= Mark Lifman =

South African criminal (1965–2024)

Mark Lifman (1965 – 3 November 2024) was a South African businessman associated with organized crime in Cape Town.

Known for his involvement in nightclub security and alleged protection rackets, Lifman faced multiple serious charges over the years, including murder, attempted murder, money laundering, gang-related offences, and tax evasion. He was a suspect in the 2017 murder case of Brian Wainstein, a steroid dealer known as the "Steroid King", for which he was out on bail and due to appear in court on 4 November 2024. On 3 November Lifman was assassinated in a hail of bullets outside the Garden Route Mall in George, Western Cape. His death has raised concerns about potential impacts on Cape Town's organized crime networks.
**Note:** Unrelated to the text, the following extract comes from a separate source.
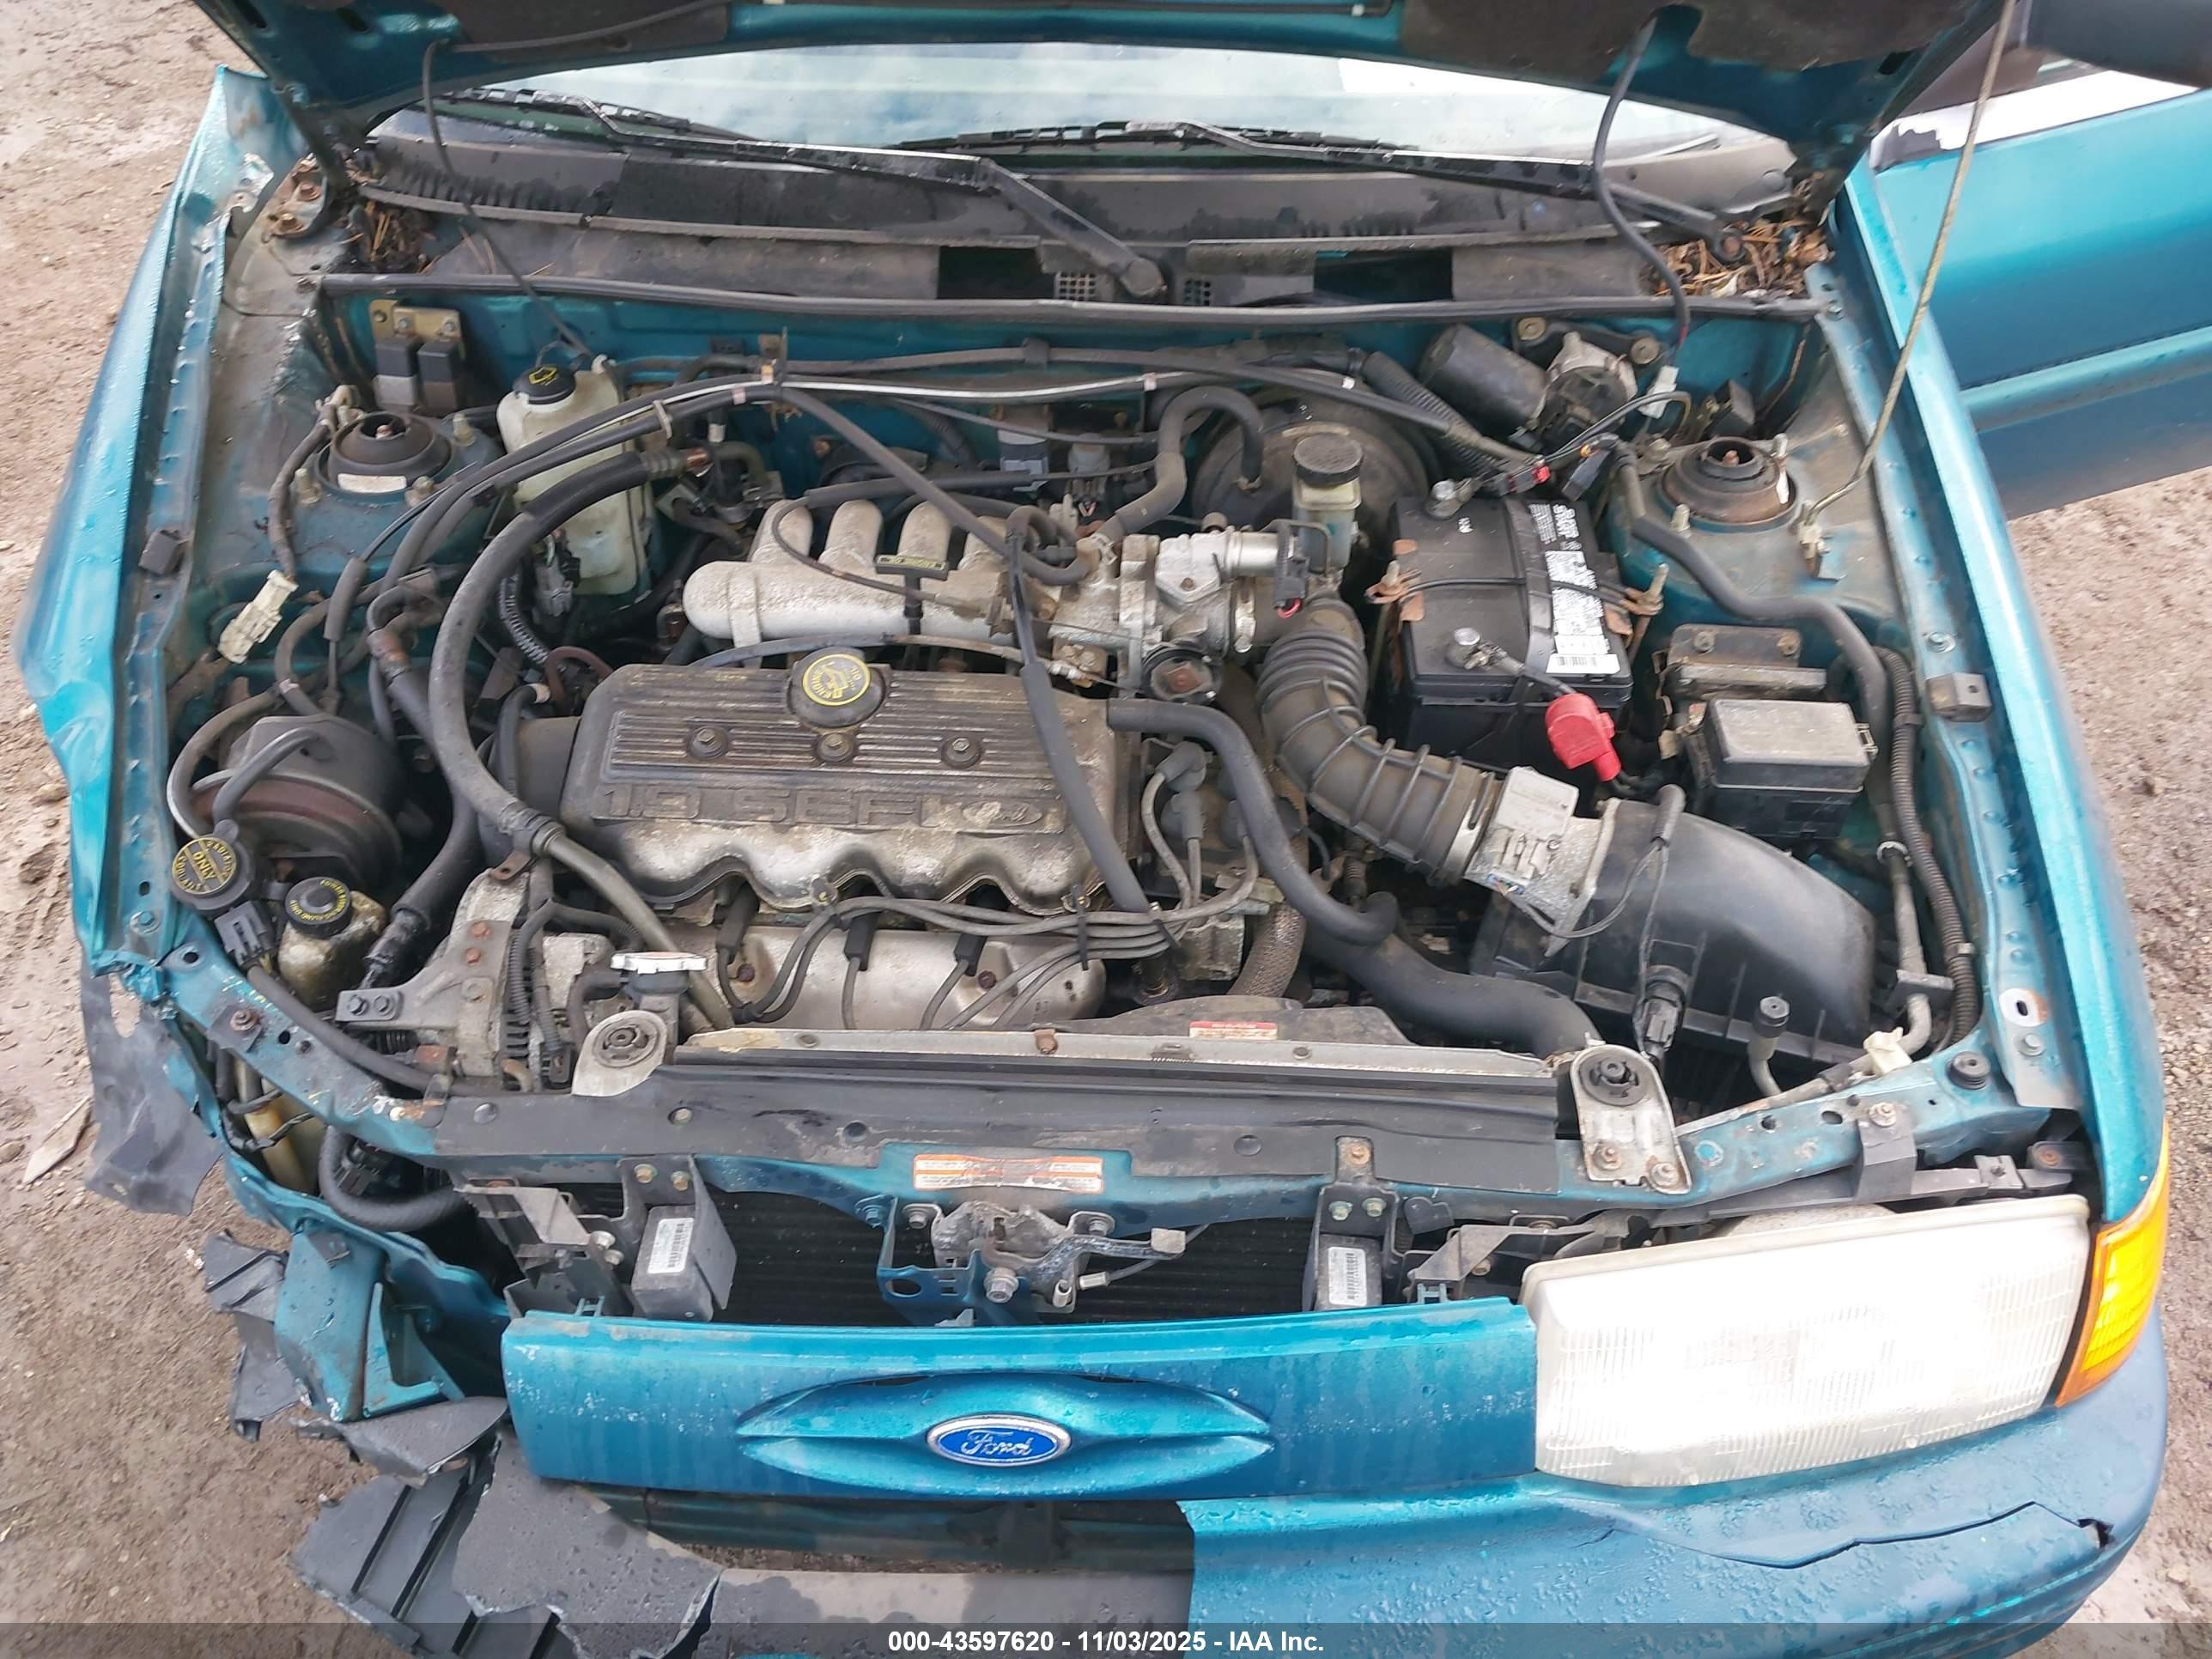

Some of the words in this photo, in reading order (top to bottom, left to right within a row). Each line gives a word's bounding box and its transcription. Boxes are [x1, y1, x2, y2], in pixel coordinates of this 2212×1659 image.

[604, 782, 702, 819] 1.9
[192, 851, 217, 880] ONLY
[961, 1429, 1033, 1456] Ford
==Business ventures and allegations==

Lifman's business activities centered around real estate and nightlife sectors in Cape Town. While he maintained that his enterprises were legitimate, his name frequently surfaced in connection with alleged protection rackets in the area. Reports indicate that Lifman and associates allegedly sought payments from nightclub and restaurant owners for security services, though these activities have not been confirmed in court.

==Legal issues==

In 2024, Lifman filed a defamation lawsuit against Randolf Jorberg, the owner of Beerhouse, following comments Jorberg made after the closure of his business. Jorberg's statements suggested Lifman's involvement in violent crime, including the 2015 murder of Beerhouse employee Joe-Louis Kanyona. Lifman initially sought R500,000 in damages, later raising the amount to R1 million, and moved to attach Jorberg's property as part of the case.
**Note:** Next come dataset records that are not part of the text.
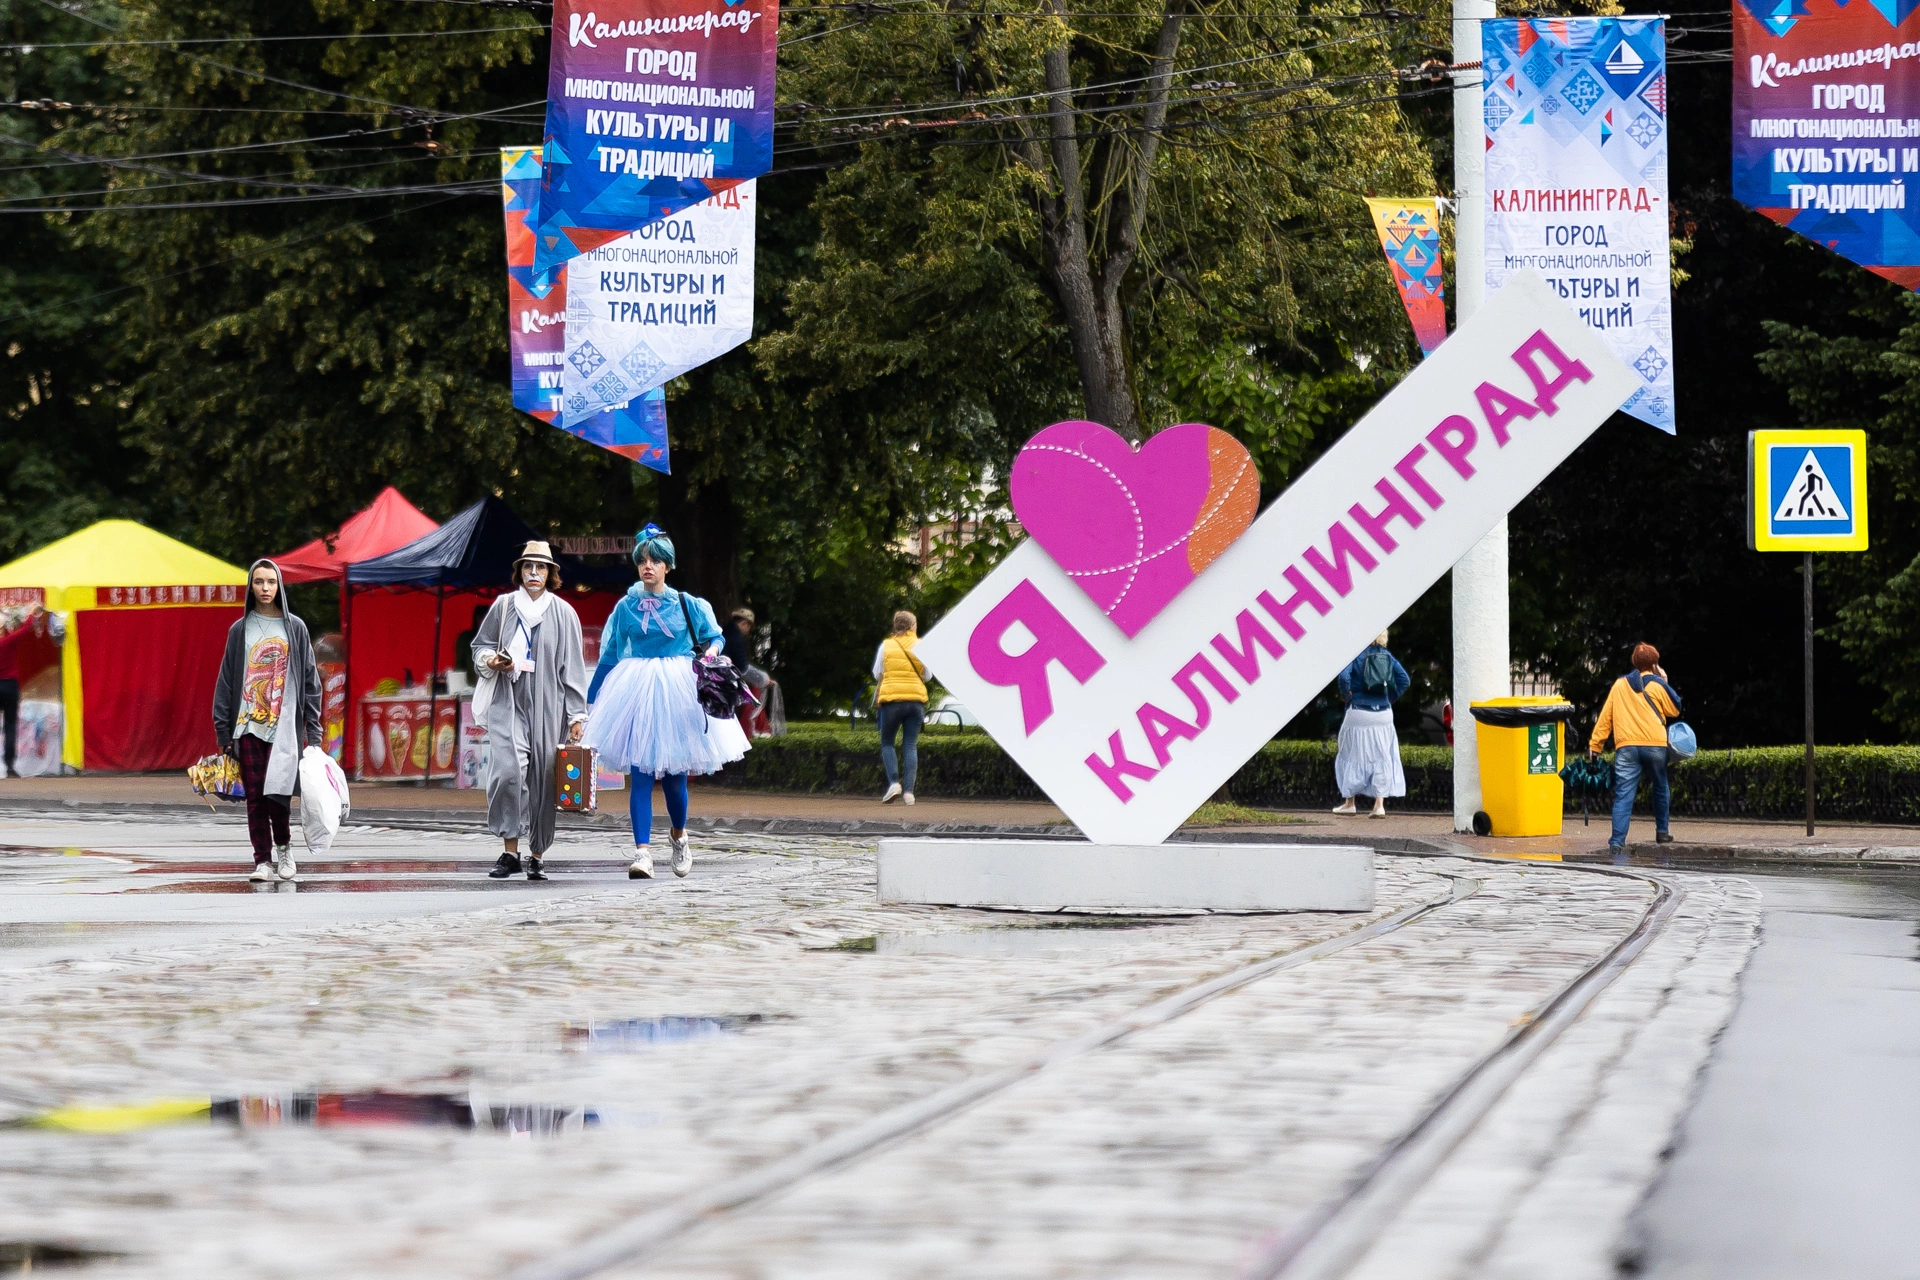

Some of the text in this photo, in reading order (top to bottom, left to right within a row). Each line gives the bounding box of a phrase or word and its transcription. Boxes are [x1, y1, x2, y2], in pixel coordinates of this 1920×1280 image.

[569, 9, 762, 48] Калининград-
[625, 47, 697, 82] ГОРОД
[1750, 41, 1920, 88] Калинингра
[564, 77, 755, 109] МНОГОНАЦИОНАЛЬНОЙ
[1812, 84, 1886, 114] ГОРОД
[585, 108, 730, 143] КУЛЬТУРЫ И
[1751, 118, 1920, 141] МНОГОНАЦИОНАЛЬН
[597, 146, 715, 182] ТРАДИЦИЙ
[1774, 147, 1919, 173] КУЛЬТУРЫ И
[1493, 187, 1660, 213] КАЛИНИНГРАД-
[1787, 179, 1905, 214] ТРАДИЦИЙ
[630, 220, 696, 243] ОРОД
[1545, 225, 1609, 248] ГОРОД
[600, 270, 725, 295] КУЛЬТУРЫ И
[1627, 277, 1640, 298] И
[607, 299, 717, 326] ТРАДИЦИЙ
[1084, 328, 1596, 805] КАЛИНИНГРАД
[967, 577, 1108, 738] Я
Lifman was also named as a co-accused in the 2017 murder of Brian Wainstein, a known steroid dealer. He was out on bail for this charge and was scheduled to appear in court on 4 November 2024, the day after his assassination.

==Assassination==

On 3 November 2024, Lifman was shot and killed outside the Garden Route Mall in George, Western Cape. His death has been described as a targeted assassination, and police have arrested two suspects, both with connections to Cape Town-based security and protection, including a former member of the South African Police Service's Special Task Force. The suspects appeared in the George Magistrate's Court on 5 November 2024, facing charges of premeditated murder. The case was postponed to 13 November 2024.

It has been stated that there was a R10 million bounty on Lifman's life.